Plutôt extraverti et spontané, Aristides gère mal ses finances et doit souvent emprunter de l’argent à son frère jumeau, Cesar, sérieux et studieux. Ils ont fréquenté la faculté de droit de la prestigieuse université de Coimbra, au Portugal, et obtenu leur diplôme en 1907. Après avoir brièvement exercé le droit, les deux frères se sont engagés auprès du service diplomatique.
Au début des années 1930, après avoir gravi tous les échelons, Cesar est nommé ministre des Affaires étrangères du Portugal. Pendant ce temps, Aristides occupe divers postes diplomatiques au Brésil, en Espagne, en Guyane britannique et à San Francisco.

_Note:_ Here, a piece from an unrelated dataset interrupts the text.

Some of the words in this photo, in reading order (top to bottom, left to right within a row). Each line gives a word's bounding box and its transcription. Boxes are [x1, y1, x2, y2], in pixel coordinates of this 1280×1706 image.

En septembre 1938, Angelina et Aristides s’installent à Bordeaux avec plusieurs de leurs 12 enfants encore en vie – un fils de 22 ans a été emporté par une rupture de la rate et une fille est morte de méningite en bas âge. Les professeurs d’art et de musique commencent rapidement à défiler dans l’appartement du quai Louis XVIII.
Aristides s’engage dans une relation amoureuse avec une musicienne de 23 années sa cadette, Andrée Cibial. Connue en ville pour ses chapeaux extravagants, Andrée amuse Aristides avec son côté libre penseur.

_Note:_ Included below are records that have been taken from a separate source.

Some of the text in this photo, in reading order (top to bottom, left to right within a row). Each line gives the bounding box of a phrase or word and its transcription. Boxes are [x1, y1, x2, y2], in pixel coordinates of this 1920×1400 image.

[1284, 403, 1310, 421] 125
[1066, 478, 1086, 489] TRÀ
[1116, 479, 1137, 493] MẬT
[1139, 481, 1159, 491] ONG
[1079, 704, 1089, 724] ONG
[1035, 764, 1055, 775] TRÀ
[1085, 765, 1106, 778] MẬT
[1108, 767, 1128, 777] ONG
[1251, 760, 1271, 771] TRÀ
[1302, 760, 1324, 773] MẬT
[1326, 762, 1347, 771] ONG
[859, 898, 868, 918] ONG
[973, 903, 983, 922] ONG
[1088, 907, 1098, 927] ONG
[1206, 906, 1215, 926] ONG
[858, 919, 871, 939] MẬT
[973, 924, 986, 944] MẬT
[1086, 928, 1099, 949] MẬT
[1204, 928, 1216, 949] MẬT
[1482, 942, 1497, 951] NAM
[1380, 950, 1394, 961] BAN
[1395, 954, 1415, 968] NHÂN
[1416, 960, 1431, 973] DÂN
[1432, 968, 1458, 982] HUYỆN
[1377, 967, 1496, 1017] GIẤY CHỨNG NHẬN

À la même époque, préoccupé par l’arrivée de juifs d’Allemagne et de républicains antifascistes fuyant la guerre civile espagnole, le gouvernement français installe des camps de détention et d’internement pour y accueillir des réfugiés. En novembre 1939, 10 jours après la mise en application de la circulaire 14 de Salazar, Aristides délivre un visa non autorisé à l’historien juif Arnold Wiznitzer. Il en signe un autre en mars, cette fois à un républicain espagnol, Eduardo Neira Laporte, un professeur de Barcelone.
Bien que les deux hommes aient été à deux doigts d’être envoyés dans un camp français, Aristides a été sévèrement réprimandé par le ministre des Affaires étrangères. «Toute nouvelle transgression ou violation sera considérée comme une désobéissance et pourra vous valoir une procédure disciplinaire», lui écrit à l’époque son supérieur.

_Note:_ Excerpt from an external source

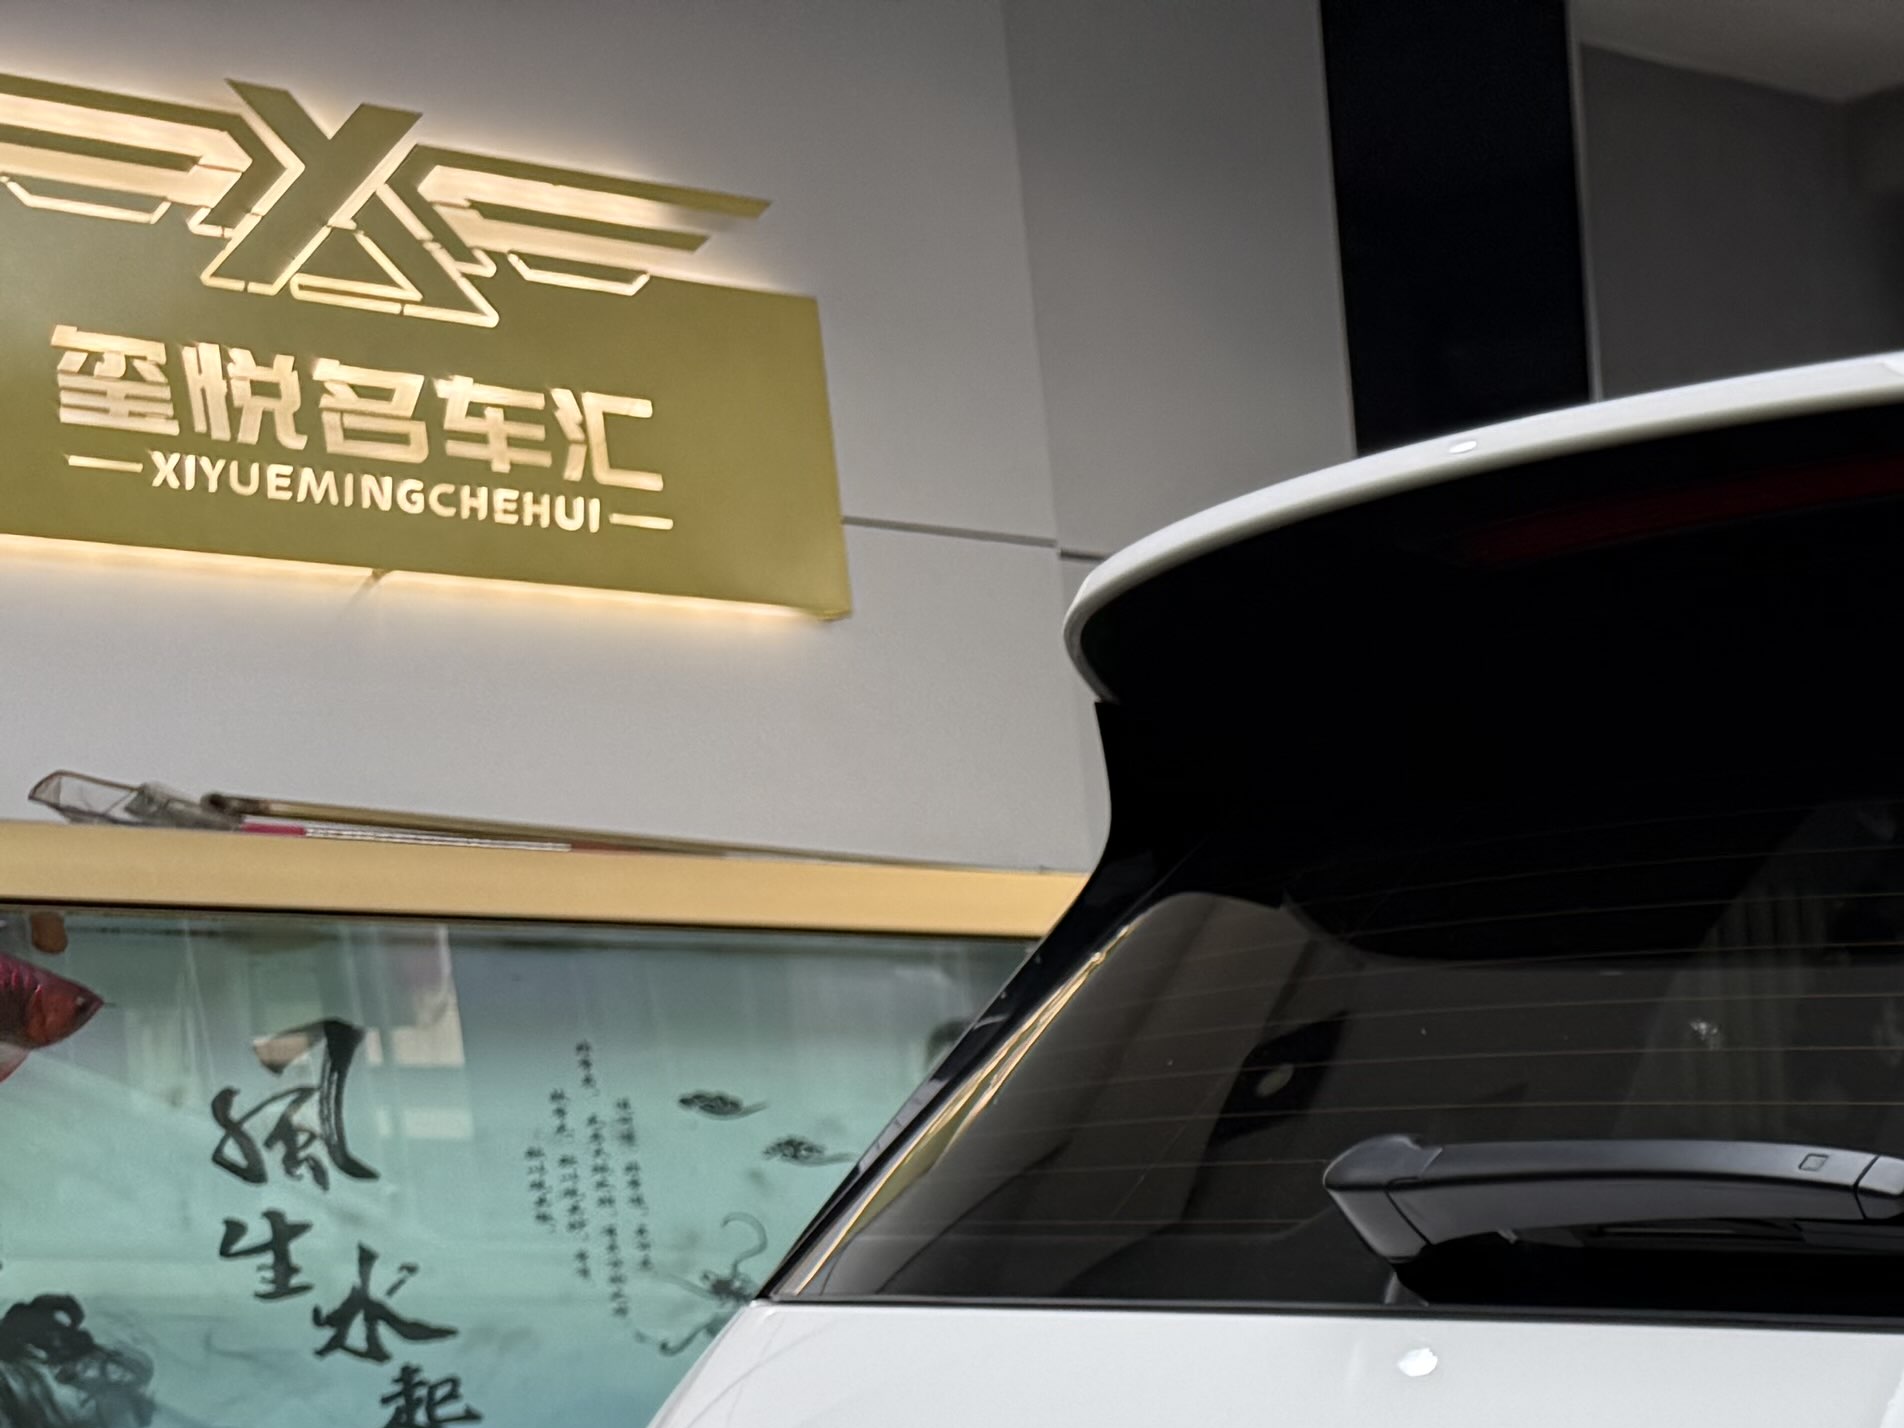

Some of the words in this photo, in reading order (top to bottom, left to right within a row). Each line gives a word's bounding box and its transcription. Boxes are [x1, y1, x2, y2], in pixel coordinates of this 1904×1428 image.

[51, 325, 665, 491] 玺悦名车汇
[152, 450, 601, 534] XIYUEMINGCHEHUI

Relatant les faits à son frère Cesar, alors ambassadeur à Varsovie, il s’insurge contre «ce Staline portugais qui a décidé de m’attaquer comme une bête sauvage».
Avec les bombes toutes proches annonçant l’arrivée imminente des Allemands, et son gouvernement enferré dans son refus d’accorder un passage sûr aux malheureux réfugiés, Aristides sait certainement ce qu’il risque quand, en juin 1940, il ouvre grandes les portes de sa demeure et commence à délivrer des visas en grand nombre.
Une fois lancé, il ne s’arrête plus. Il signe des visas pour les réfugiés détenteurs d’un passeport et pour ceux qui n’en ont pas. Ils sont des milliers à faire la queue devant son bureau, dans les escaliers, dans les rues. «Ajoutez à ce spectacle des centaines d’enfants et leurs parents exprimant leur souffrance et leur angoisse», dira Aristides de Sousa Mendes quelques mois plus tard.
Les nazis poursuivent leur avance vers Bordeaux et Aristides dort à peine. Devant l’urgence de répondre à toutes les demandes, il se met à signer de façon de plus en plus expéditive, passant de Aristides de Sousa Mendes à Sousa Mendes et, finalement, à Mendes. De peur de perdre leur place dans la queue, les réfugiés s’interdisent de boire ou de manger. Des coups de poing sont échangés.
Chaque jour amène son lot de nouveaux demandeurs. Les grands banquiers Édouard, Eugène, Henri et Maurice de Rothschild ont besoin de documents. Gala souhaite un visa pour elle et son mari, l’artiste Salvador Dali, occupé à construire un abri antibombes dans le jardin de leur maison louée près de Bordeaux.
Pour accélérer l’opération, Aristides réquisitionne son fils Pedro Nuno, son neveu Cesar et José de Seabra, son secrétaire au consulat. Un homme appose le tampon sur le passeport, Aristides le signe et José émet le numéro de visa avant que tout ne soit consigné dans un registre. Le rabbin Kruger se promène au milieu de la foule, prend les passeports, les monte à l’étage pour les faire signer par Aristides puis les rapporte à leur propriétaire.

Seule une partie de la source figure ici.